I admit I was skeptical when Villa manager Gerard Houllier began deploying Young in a support role behind either a lone striker or a striking tandem. The 25-year-old, I felt, did not possess the tactical nous to play the position, to control possession and marshal the attacking movement.
Now, it’s not that I’ve changed my mind, but game-by-game, Young has started proving me wrong as he adjusts to his new assignment. It hasn’t been a seamless transition from the wing, as Houllier will attest. The manager recently said his new playmaker had to learn to hold the ball better and not give away possession, but the improvement has been noticeable.
This was particularly evident in England’s 2-1 win over Denmark on February 9. A half-time substitute, Young came on for Wayne Rooney and immediately slotted in right behind his Villa teammate Darren Bent. Barely 20 minutes later, he had scored the match winner.
Young’s performance in Copenhagen, and the fact that England manager Fabio Capello deployed him in a central role, was ratification that Houllier’s decision to do the same several weeks earlier had been the right one. And that means something. Say what you will about Capello’s own tactical acumen, but he recognized what I’m sure we all did: that Young has been quickly and successfully adjusting to his new position for his club.
Now, just how long he stays at that club is another matter entirely. That a handful of Premier League clubs approached Villa about signing Young in January is no secret, and I’m sure we all know which clubs those were, and how much they were willing to pay. Villa, however, opted to hold on to the player rather than cash in on him, and they should be commended for that.

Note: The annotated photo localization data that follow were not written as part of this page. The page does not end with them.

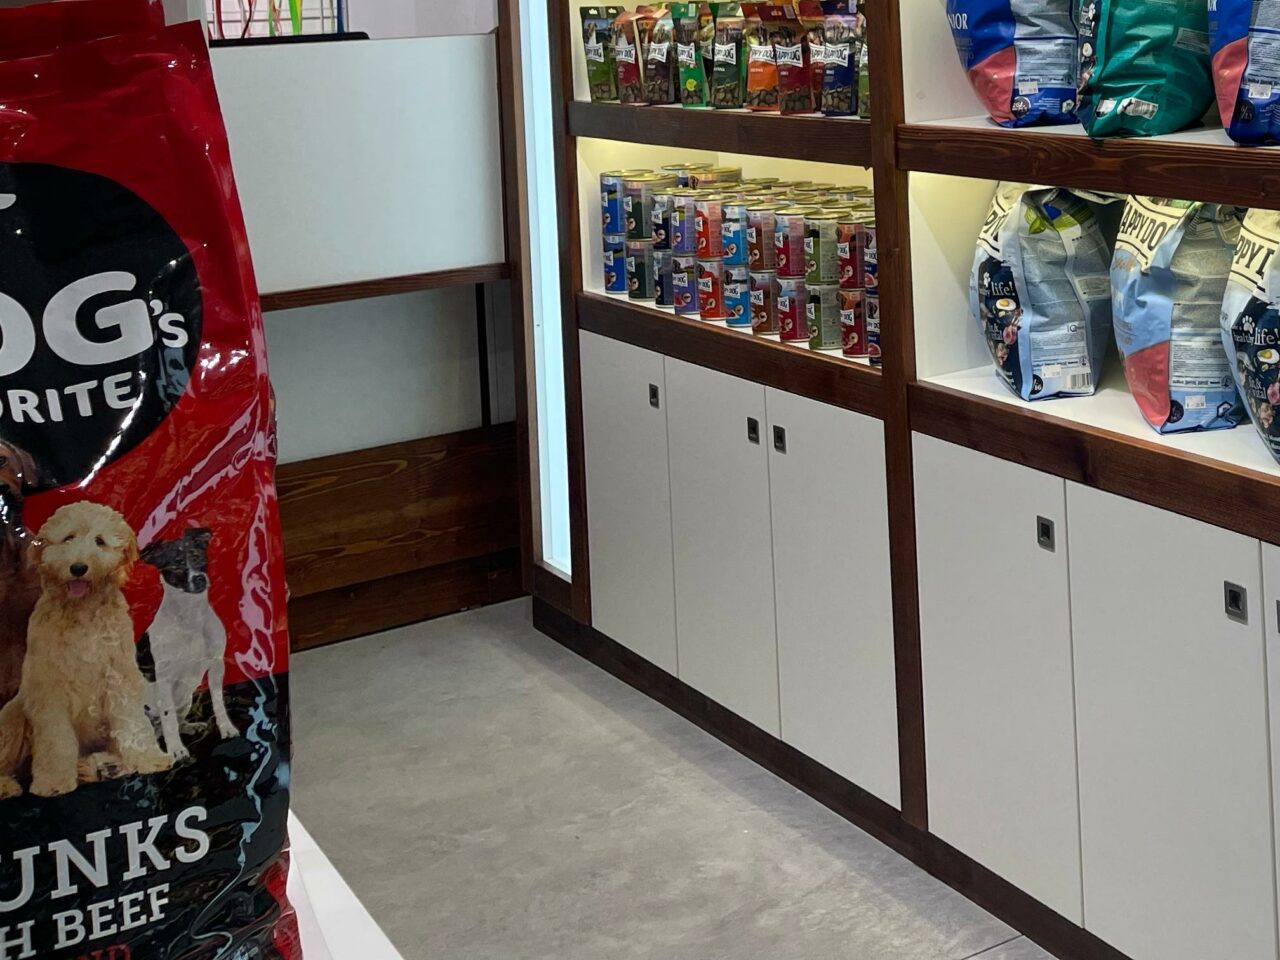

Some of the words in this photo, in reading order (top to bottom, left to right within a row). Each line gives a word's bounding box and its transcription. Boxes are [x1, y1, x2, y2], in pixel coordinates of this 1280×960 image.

[991, 281, 1015, 296] life!
[1254, 328, 1280, 346] life!
[0, 371, 138, 425] RITE
[52, 883, 170, 951] BEEF
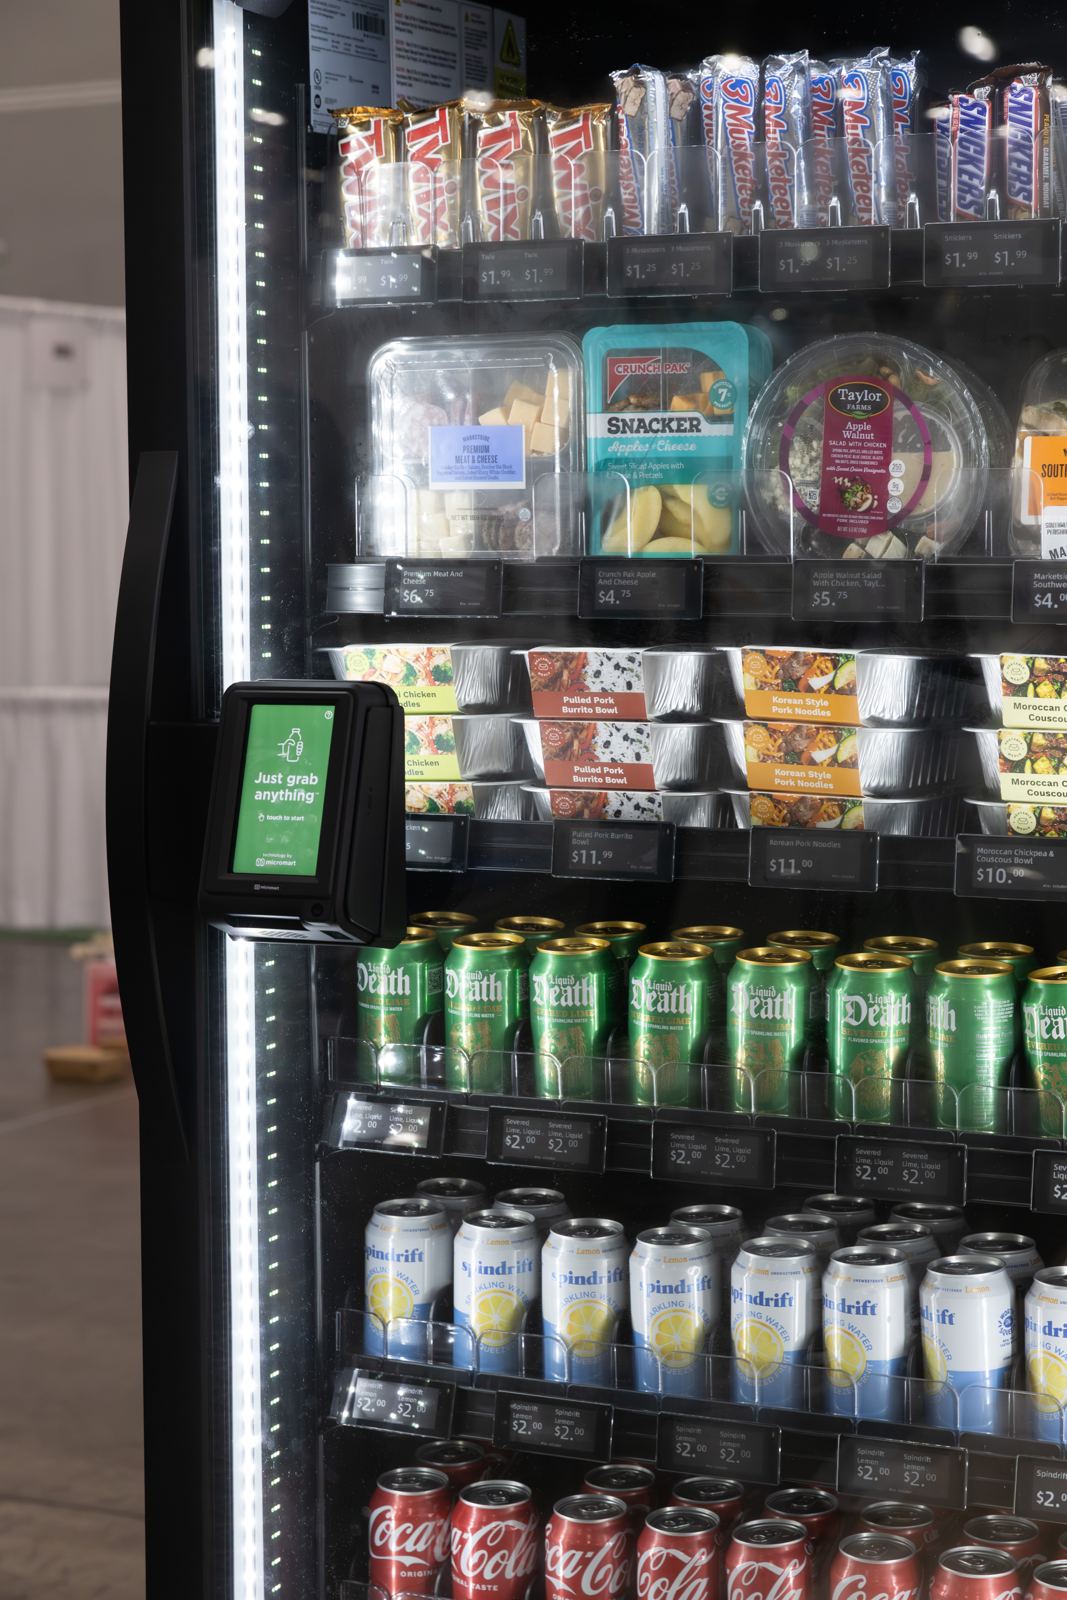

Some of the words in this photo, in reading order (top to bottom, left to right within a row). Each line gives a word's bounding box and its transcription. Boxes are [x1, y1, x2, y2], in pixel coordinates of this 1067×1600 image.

[720, 77, 750, 104] 3
[1008, 81, 1035, 206] SNICKERS
[844, 100, 876, 226] Musketeers
[957, 95, 988, 218] SNICKERS
[765, 104, 796, 229] Musketeers
[993, 232, 1022, 240] Snickers
[944, 251, 979, 268] $1.99
[994, 249, 1028, 267] $1.99
[481, 268, 511, 285] $1.99
[614, 363, 661, 375] CRUNCH
[664, 362, 689, 374] PAK
[718, 388, 730, 402] 7
[838, 387, 882, 404] Taylor
[607, 416, 702, 435] SNACKER
[846, 421, 872, 431] Apple
[842, 430, 875, 440] Walnut
[462, 445, 490, 454] PREMIUM
[455, 455, 470, 464] MEAT
[477, 454, 498, 464] CHEESE
[598, 589, 632, 604] $4.75
[813, 591, 848, 606] $5.75
[563, 696, 591, 704] Pulled
[772, 696, 803, 705] Korean
[806, 698, 829, 707] Style
[1013, 702, 1060, 712] Moroccan
[562, 706, 593, 714] Burrito
[772, 706, 792, 714] Pork
[795, 707, 831, 717] Noodles
[574, 766, 601, 774] Pulled
[604, 767, 624, 775] Pork
[774, 769, 806, 778] Korean
[808, 770, 832, 780] Style
[254, 772, 283, 785] Just
[287, 772, 319, 786] grab
[573, 776, 603, 784] Burrito
[605, 776, 627, 785] Bowl
[775, 778, 795, 787] Pork
[797, 780, 834, 789] Noodles
[1011, 777, 1059, 787] Moroccan
[254, 788, 315, 804] anything
[266, 814, 282, 822] touch
[571, 850, 613, 865] $11.99
[1014, 848, 1047, 857] Chickpea
[265, 858, 296, 866] micromart
[769, 858, 813, 874] $11.00
[977, 868, 1025, 884] $10.00
[357, 963, 411, 996] Death
[550, 974, 575, 986] Liquid
[648, 980, 673, 992] Liquid
[533, 974, 596, 1007] Death
[631, 977, 694, 1014] Death
[750, 985, 777, 998] Liquid
[730, 983, 797, 1020] Death
[843, 991, 911, 1027] Death
[1040, 1005, 1067, 1017] Liquid
[506, 1118, 530, 1126] Severed
[505, 1134, 536, 1150] $2.00
[548, 1138, 578, 1153] $2.00
[670, 1149, 702, 1165] $2.00
[715, 1153, 747, 1169] $2.00
[902, 1152, 928, 1160] Severed
[855, 1165, 889, 1180] $2.00
[902, 1168, 936, 1185] $2.00
[396, 1271, 420, 1296] WATER
[766, 1314, 791, 1343] WATER
[847, 1323, 873, 1352] WATER
[356, 1398, 386, 1412] $2.00
[397, 1403, 427, 1418] $2.00
[554, 1408, 581, 1417] Spindrift
[512, 1412, 533, 1420] Lemon
[554, 1417, 575, 1425] Lemon
[512, 1420, 543, 1435] $2.00
[554, 1426, 585, 1441] $2.00
[675, 1442, 708, 1458] $2.00
[720, 1448, 751, 1464] $2.00
[857, 1447, 885, 1457] Spindrift
[857, 1457, 879, 1465] Lemon
[904, 1453, 932, 1463] Spindrift
[857, 1465, 890, 1481] $2.00
[904, 1463, 926, 1472] Lemon
[904, 1471, 937, 1487] $2.00
[471, 1583, 498, 1591] TASTE
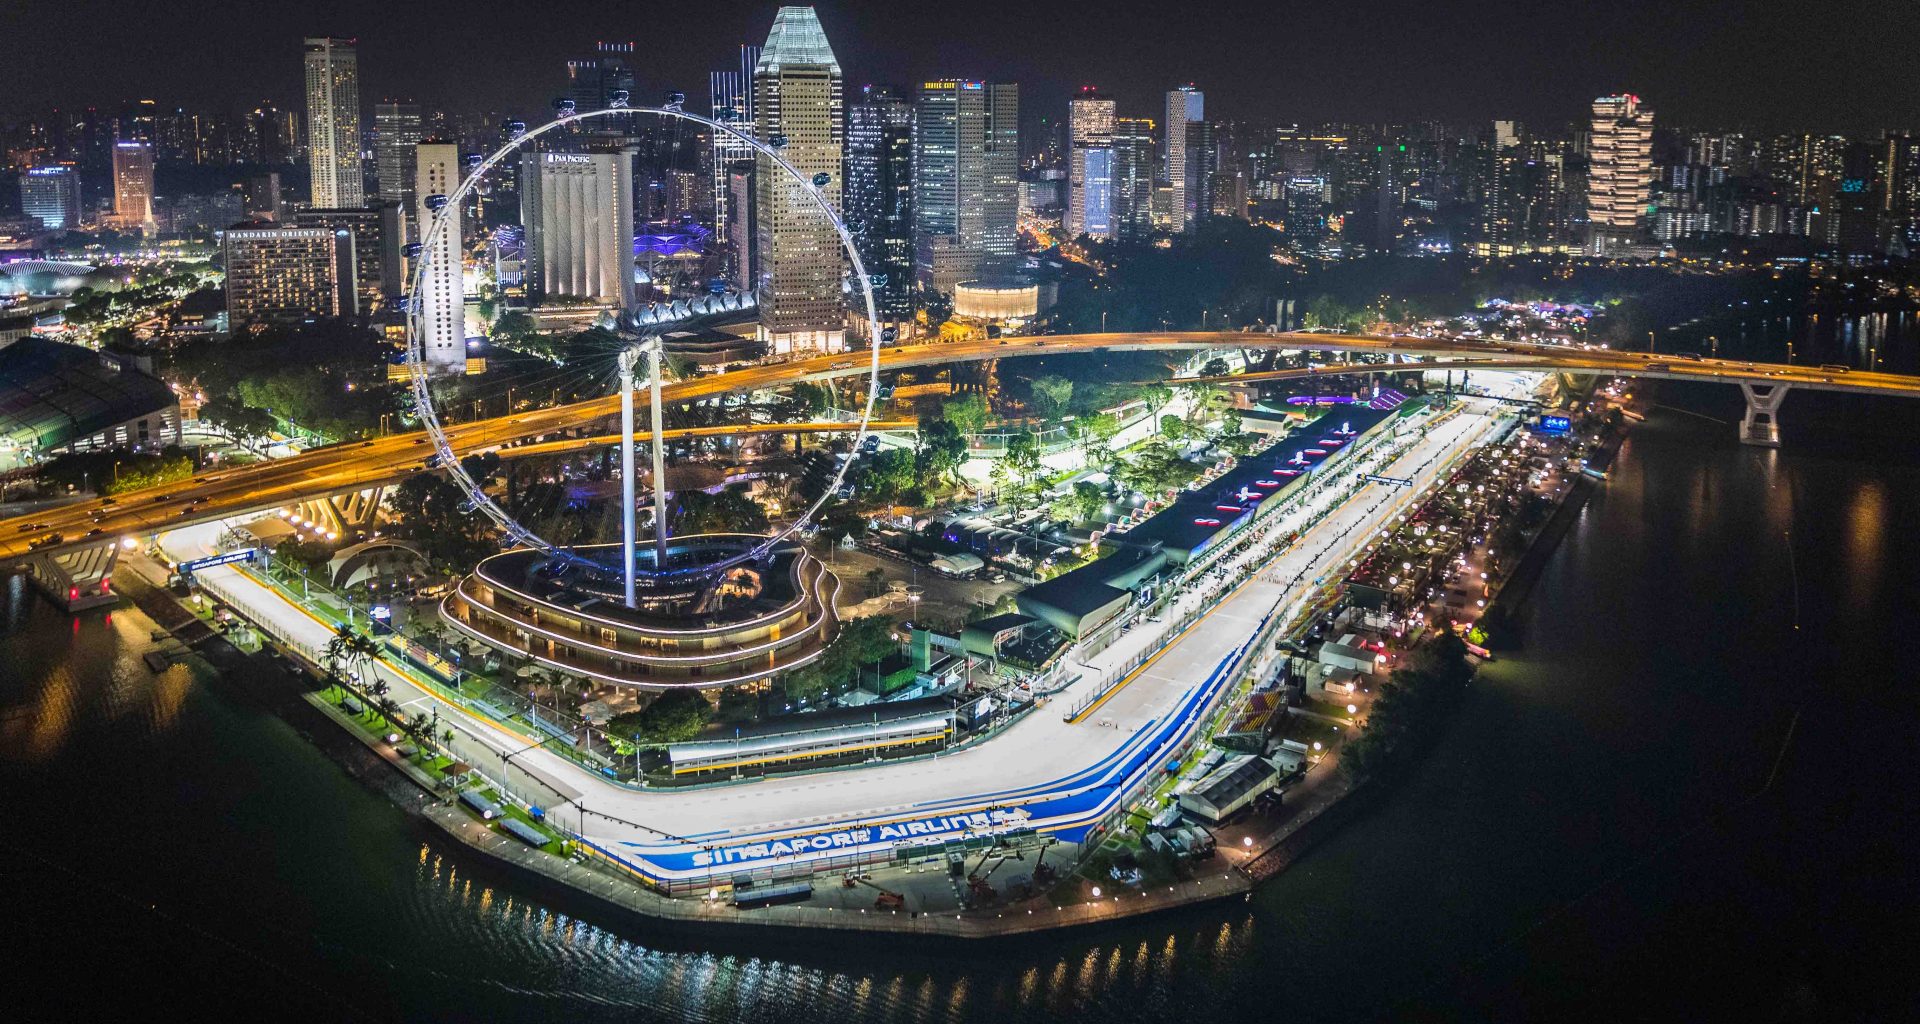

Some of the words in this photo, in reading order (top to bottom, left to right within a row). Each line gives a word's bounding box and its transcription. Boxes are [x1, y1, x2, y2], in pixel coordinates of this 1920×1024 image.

[554, 154, 567, 162] PAN
[567, 154, 590, 163] PACIFIC
[229, 231, 277, 239] MANDARIN
[281, 230, 326, 238] ORIENTAL

Don’t forget, Villa are just three points above the drop with 11 matches to play. Keeping Young through the winter was a necessity, as they may very well have gone hurtling even further down the standings without him. With him, I’d imagine they’re planning a rather more upward trajectory. They’re also just three points out of 10th.
D-Day on Young’s future will come early in the summer, when the player sits down with club owner Randy Lerner and talks about a new contract. His present one expires in 2012, and if he decides to leave Villa, this will be the time when he makes that decision.
A year ago I would have been in favour of his exit. I’m not anymore, at least not right now. Yes, some of the numbers being bandied about for his signature are extraordinary, but I’m not convinced they accurately represent his value to the club.
And it’s a growing value, make no mistake. As important as Ashley Young was as a left-winger, he’s potentially more vital to the cause in his new position. And if he continues to flourish in the role, as I suspect he will, Aston Villa would do well to give him that big, lucrative, long-term contract he just might deserve.